Nel maggio del 1900, Verdi perfezionò il suo testamento nominando erede universale la figlia adottiva Maria e lasciando alla Casa i diritti d’autore — nel 1882 Verdi fu uno dei fondatori della SIAE, la Società Italiana Autori e Editori — delle sue opere. Ma non solo: preoccupato per le sorti dell’iniziativa decise di destinare al mantenimento della struttura i ricavati di alcune sue proprietà.
Per volontà del Maestro, la Casa fu aperta solo dopo la sua morte. Il 10 ottobre 1902, giorno del suo compleanno, i primi nove ospiti entrarono nel grande edificio, quattro donne e cinque uomini: Lauretta Romani, artista e maestra di canto, Giuseppe Fossati, corista comprimario e direttore di scena, Virginia Pozzi, artista di canto, Luigi Giovannini, professore nelle bande municipali, Angela Repossi, artista di canto, Giuseppina Jotti, artista di canto, Giacomo Vietti, artista di canto e organista, Onorato Pasini, organista.
Da allora gli ospiti sono stati più di mille e da un quindicennio la Casa accoglie anche sedici giovani studenti, d’ambo i sessi, del Conservatorio, dell’Accademia della Scala e della Fondazione Milano. Una scelta questa perfettamente in linea con la filosofia verdiana che vedeva la Casa come un luogo vivo e aperto, uno spazio intergenerazionale dedicato alla musica e all’arte. Come ricorda Daniela Rossi, a Casa Verdi «i residenti hanno le chiavi, dispongono degli spazi privati come preferiscono, ognuno può portare con sè le proprie cose, arredare le stanze con ciò che gli è più caro. Le camere sono dotate anche di quelle comodità e strumenti che il Maestro non poteva immaginare: televisione, televisione, internet, aria condizionata. Vi sono sale comuni, il salone della parrucchiera, la sartoria, spazi per l’esercizio fisico e laboratori che permettono di stimolare e diversificare l’espressione della creatività: la redazione del giornale di Casa Verdi, l’arte dei fiori, l’atelier di pittura». Dalla fine degli anni Novanta è, inoltre, attiva una Residenza Sanitaria Assistita, che segue con attenzione gli artisti bisognosi di cure mediche.

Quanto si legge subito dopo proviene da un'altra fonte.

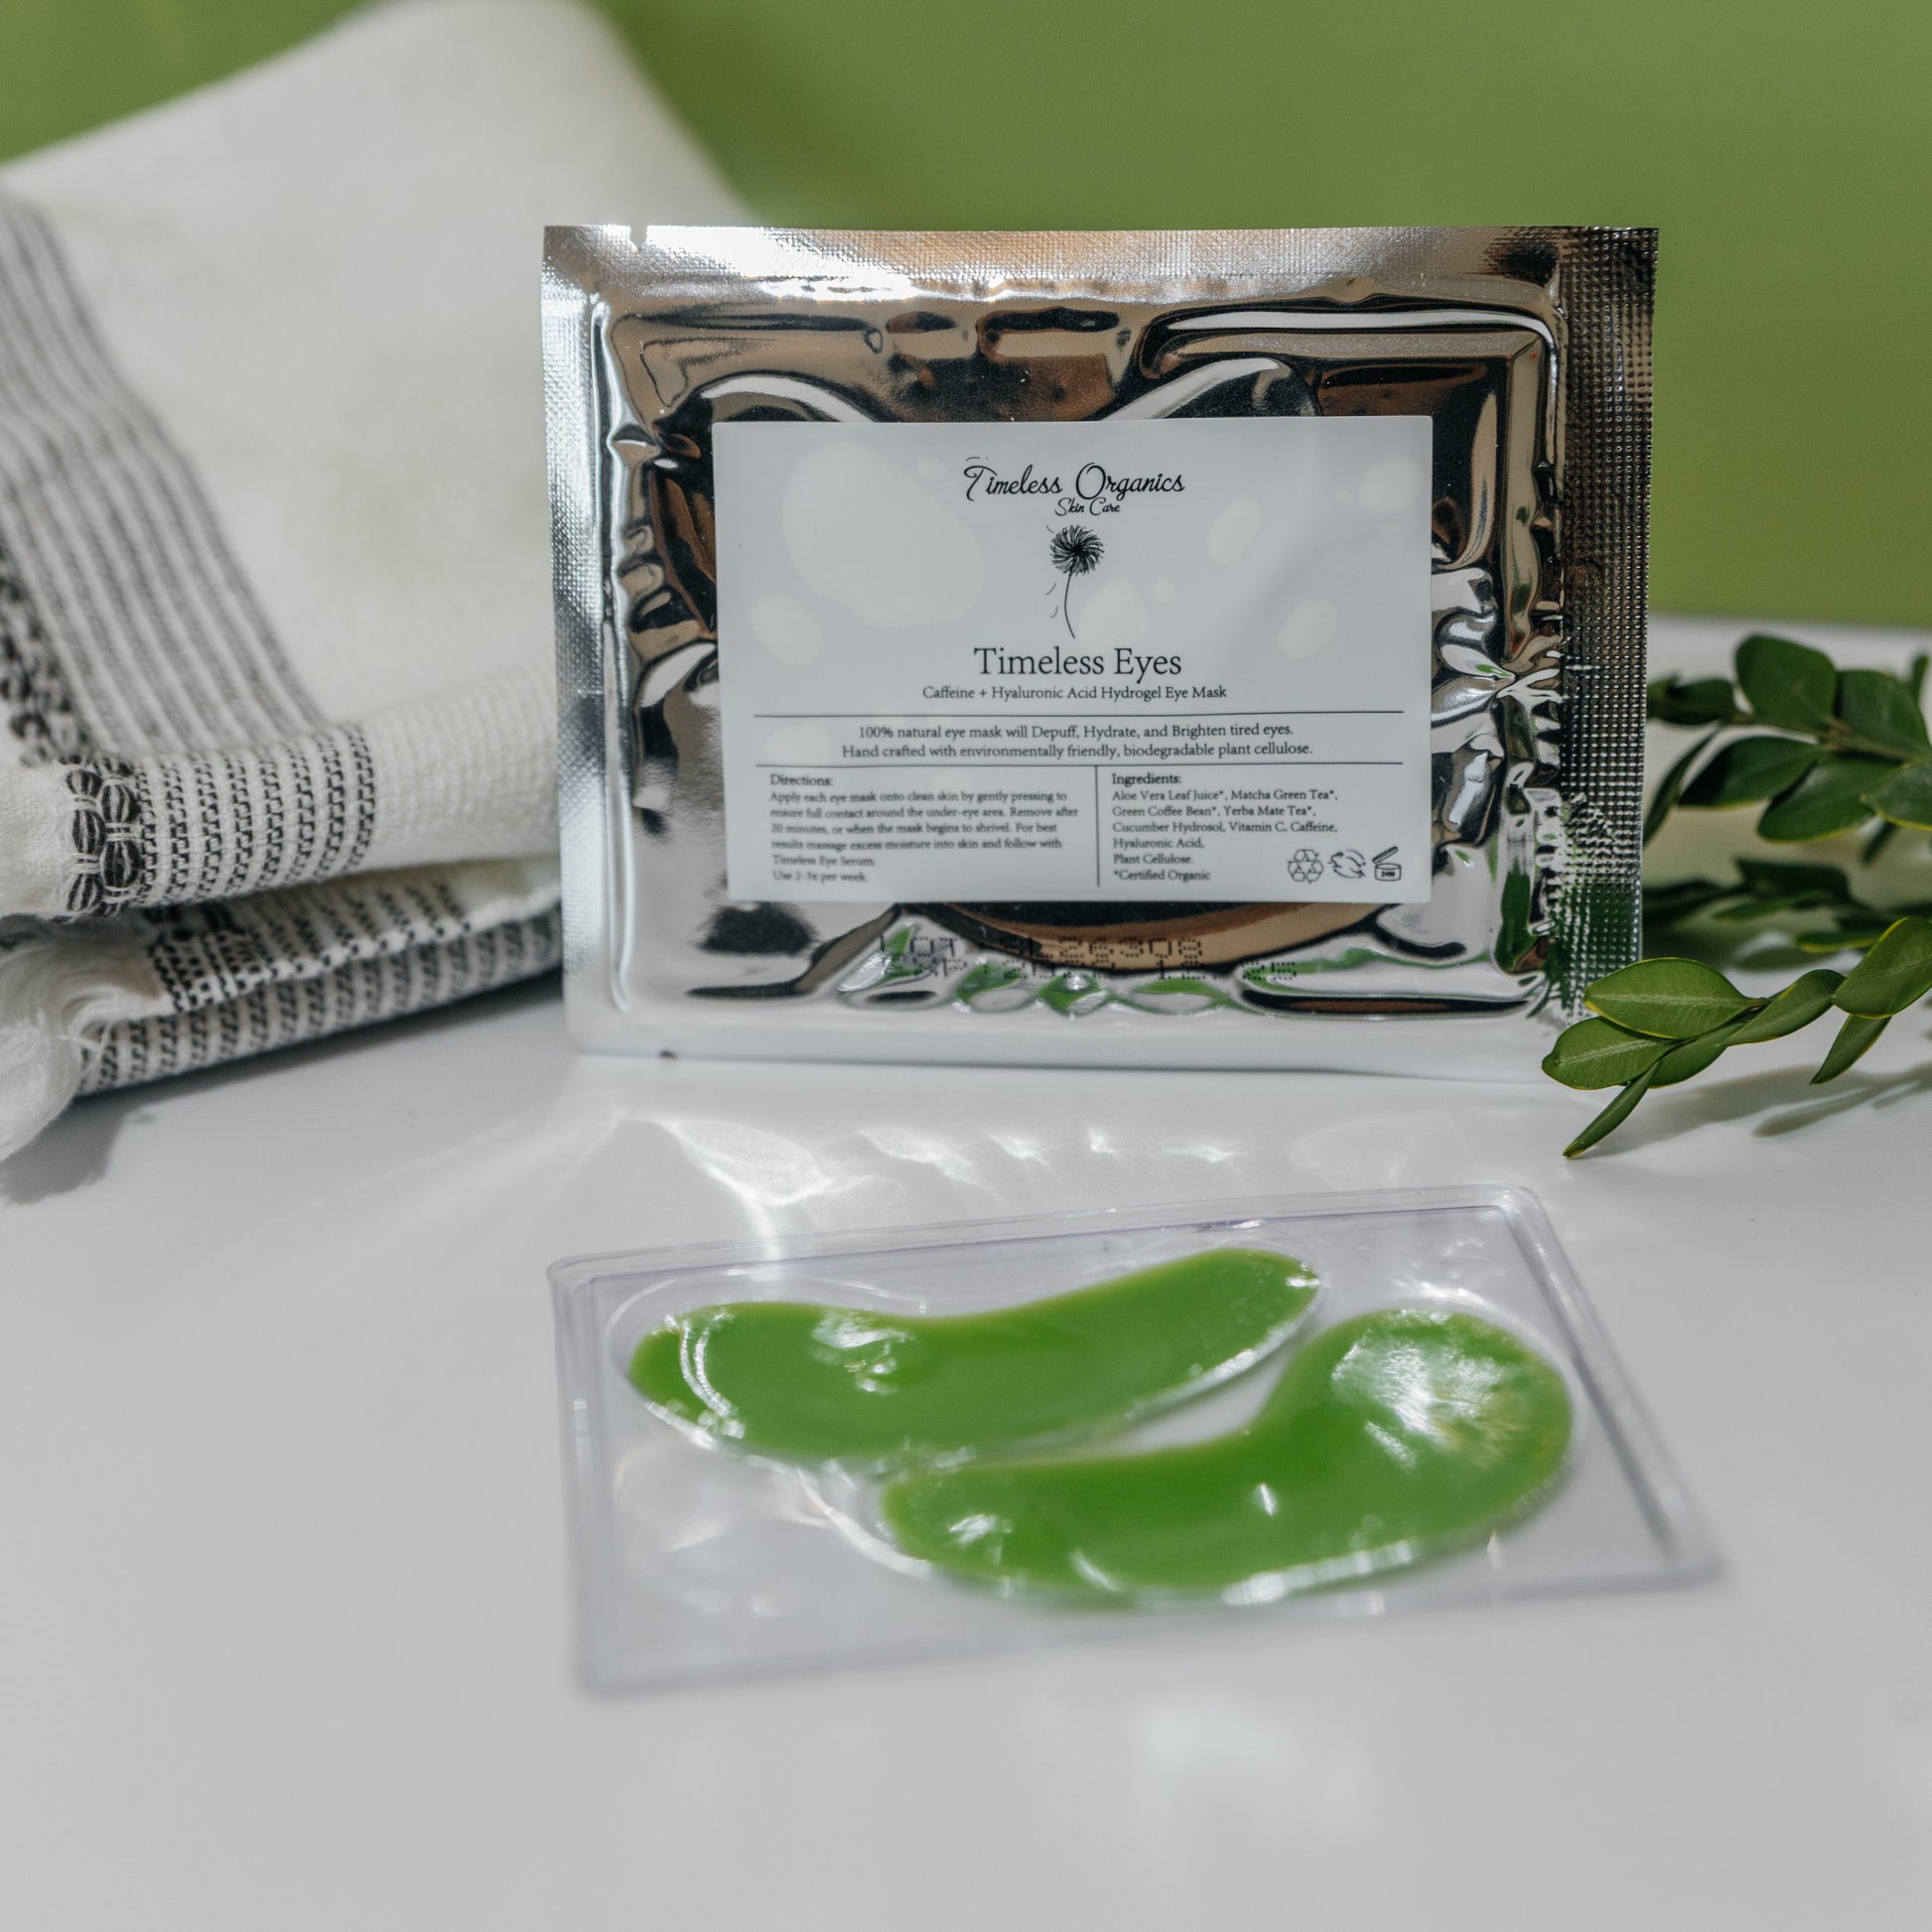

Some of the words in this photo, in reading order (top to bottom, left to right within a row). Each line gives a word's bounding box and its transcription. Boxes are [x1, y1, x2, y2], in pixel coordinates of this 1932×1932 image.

[963, 464, 1063, 501] Timeless
[1075, 462, 1185, 501] Organics
[1054, 497, 1085, 516] Skin
[1089, 497, 1121, 515] Care
[974, 646, 1104, 674] Timeless
[1114, 648, 1181, 684] Eyes
[921, 685, 976, 699] Caffeine
[991, 685, 1063, 703] Hyaluronic
[1066, 685, 1098, 699] Acid
[1101, 685, 1162, 703] Hydrogel
[1165, 685, 1189, 703] Eye
[1191, 684, 1228, 699] Mask
[860, 726, 895, 739] 100%
[897, 725, 942, 739] natural
[944, 729, 966, 742] eye
[969, 725, 1003, 739] mask
[1005, 724, 1029, 739] will
[1032, 724, 1080, 742] Depuff,
[1083, 724, 1141, 742] Hydrate,
[1143, 724, 1169, 738] and
[1172, 723, 1227, 741] Brighten
[1229, 722, 1261, 737] tired
[1262, 725, 1294, 740] eyes.
[842, 744, 880, 759] Hand
[882, 744, 926, 758] crafted
[928, 744, 957, 758] with
[959, 744, 1065, 760] environmentally
[1066, 744, 1121, 760] friendly,
[1123, 742, 1215, 760] biodegradable
[1217, 742, 1252, 759] plant
[1253, 741, 1313, 756] cellulose.
[1111, 771, 1182, 788] Ingredients:
[769, 790, 802, 805] Apply
[802, 791, 828, 803] each
[828, 794, 848, 806] eye
[849, 790, 878, 803] mask
[879, 792, 905, 802] onto
[906, 790, 935, 802] clean
[936, 790, 959, 802] skin
[960, 790, 975, 804] by
[976, 789, 1010, 805] gently
[1010, 791, 1055, 805] pressing
[1055, 791, 1068, 801] to
[1112, 789, 1138, 801] Aloe
[1139, 789, 1166, 801] Vera
[1168, 788, 1192, 801] Leaf
[1230, 788, 1272, 800] Matcha
[1273, 788, 1308, 800] Green
[769, 809, 804, 818] ensure
[805, 806, 823, 819] full
[824, 808, 865, 819] contact
[865, 806, 905, 819] around
[906, 805, 924, 818] the
[981, 808, 1007, 818] area.
[1009, 805, 1053, 818] Remove
[1054, 805, 1079, 817] after
[1111, 805, 1146, 817] Green
[1147, 804, 1183, 817] Coffee
[1223, 804, 1255, 817] Yerba
[1257, 805, 1286, 817] Mate
[831, 826, 844, 835] or
[845, 823, 875, 835] when
[876, 822, 895, 835] the
[896, 822, 924, 834] mask
[924, 822, 960, 837] begins
[961, 823, 974, 834] to
[1015, 821, 1035, 833] For
[1035, 821, 1058, 833] best
[1112, 821, 1171, 833] Cucumber
[1172, 820, 1226, 835] Hydrosol,
[1228, 821, 1273, 833] Vitamin
[1290, 820, 1338, 833] Caffeine,
[805, 841, 849, 853] massage
[849, 841, 884, 851] excess
[884, 840, 932, 850] moisture
[932, 839, 956, 850] into
[956, 837, 980, 850] skin
[981, 837, 1003, 849] and
[1003, 837, 1037, 849] follow
[1037, 837, 1062, 849] with
[1112, 837, 1173, 851] Hyaluronic
[1175, 836, 1205, 850] Acid,
[771, 853, 817, 866] Timeless
[818, 855, 838, 869] Eye
[1113, 853, 1141, 865] Plant
[771, 870, 793, 882] Use
[819, 873, 838, 885] per
[1167, 869, 1211, 884] Organic

Cuore della Casa — ovviamente — è la splendida Sala dei Concerti impreziosita da ricchissimi decori e da otto grandi medaglioni con ritratti di altrettanti musicisti italiani. Vale la pena d’osservarli con attenzione, poiché li scelse personalmente Verdi e offrono un’idea precisa delle preferenze musicali del Maestro. In ordine cronologico vegliano sulla Casa Giovanni Pierluigi da Palestrina, Claudio Monteverdi, Girolamo Frescobaldi, Alessandro Scarlatti, Benedetto Marcello, Giovanni Battista Pergolesi, Domenico Cimarosa, Gioacchino Rossini.
L’edificio conserva numerosi ricordi verdiani, alcuni provenienti dall’appartamento di Genova come la “sala turca”, ricostruzione perfetta del salotto orientale — dono del kedivè d’Egitto per il successo de “L’Aida” — la sala da pranzo, il pianoforte a coda Erard. Nelle credenze e negli espositori sono conservate le onorificenze, il cilindro, la marsina del compositore e il calco in gesso della mano e la maschera mortuaria. Emozionante la vista della spinetta cinquecentesca regalata a Giuseppe Verdi bambino dai suoi genitori. Sui quei tasti tutto ebbe inizio.